Work order
Could you please reproduce the entries exactly, leaving out any pictures?

Source information
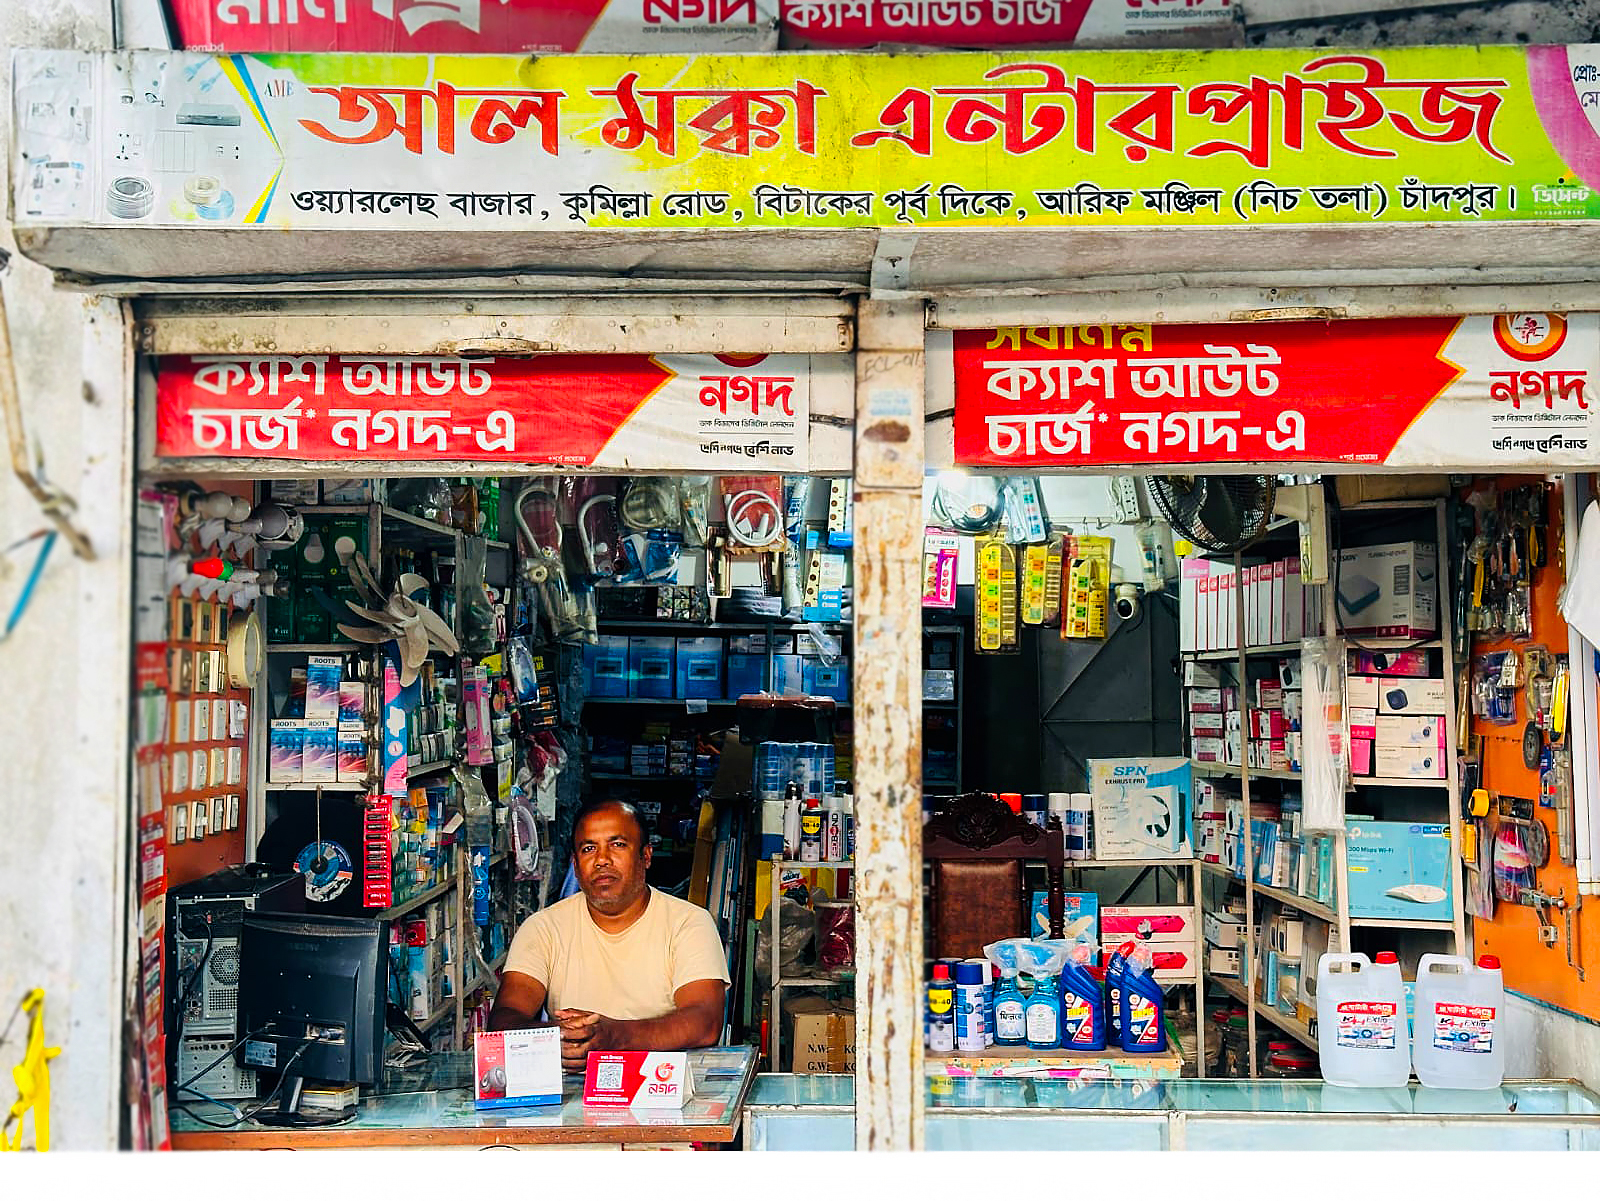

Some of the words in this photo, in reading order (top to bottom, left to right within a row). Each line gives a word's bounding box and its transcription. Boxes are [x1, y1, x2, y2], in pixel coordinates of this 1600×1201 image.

[264, 80, 294, 97] AME
[297, 81, 565, 156] আল
[590, 72, 827, 157] মক্কা
[852, 55, 1513, 168] এন্টারপ্রাইজ
[561, 184, 654, 222] কুমিল্লা
[755, 184, 872, 217] বিটাকের
[885, 183, 929, 223] পূর্ব
[1037, 181, 1132, 215] আরিফ
[1141, 181, 1223, 216] মঞ্জিল
[191, 355, 329, 396] ক্যাশ
[983, 359, 1118, 401] ক্যাশ
[1127, 344, 1281, 398] আউট
[1489, 371, 1588, 410] নগদ
[699, 375, 795, 416] নগদ
[328, 409, 515, 452] নগদ-এ
[743, 440, 769, 457] বেশি
[771, 446, 794, 455] লাভ
[1120, 410, 1305, 453] নগদ-এ
[1536, 434, 1562, 453] বেশি
[1564, 439, 1588, 449] লাভ
[1113, 766, 1148, 776] SPN

Solution below
Some of the words in this photo, in reading order (top to bottom, left to right within a row). Each line gives a word's bounding box and its transcription. Boxes are [x1, y1, x2, y2], in pixel coordinates of this 1600×1201 image.

[264, 80, 294, 97] AME
[297, 81, 565, 156] আল
[590, 72, 827, 157] মক্কা
[852, 55, 1513, 168] এন্টারপ্রাইজ
[561, 184, 654, 222] কুমিল্লা
[755, 184, 872, 217] বিটাকের
[885, 183, 929, 223] পূর্ব
[1037, 181, 1132, 215] আরিফ
[1141, 181, 1223, 216] মঞ্জিল
[191, 355, 329, 396] ক্যাশ
[983, 359, 1118, 401] ক্যাশ
[1127, 344, 1281, 398] আউট
[1489, 371, 1588, 410] নগদ
[699, 375, 795, 416] নগদ
[328, 409, 515, 452] নগদ-এ
[743, 440, 769, 457] বেশি
[771, 446, 794, 455] লাভ
[1120, 410, 1305, 453] নগদ-এ
[1536, 434, 1562, 453] বেশি
[1564, 439, 1588, 449] লাভ
[1113, 766, 1148, 776] SPN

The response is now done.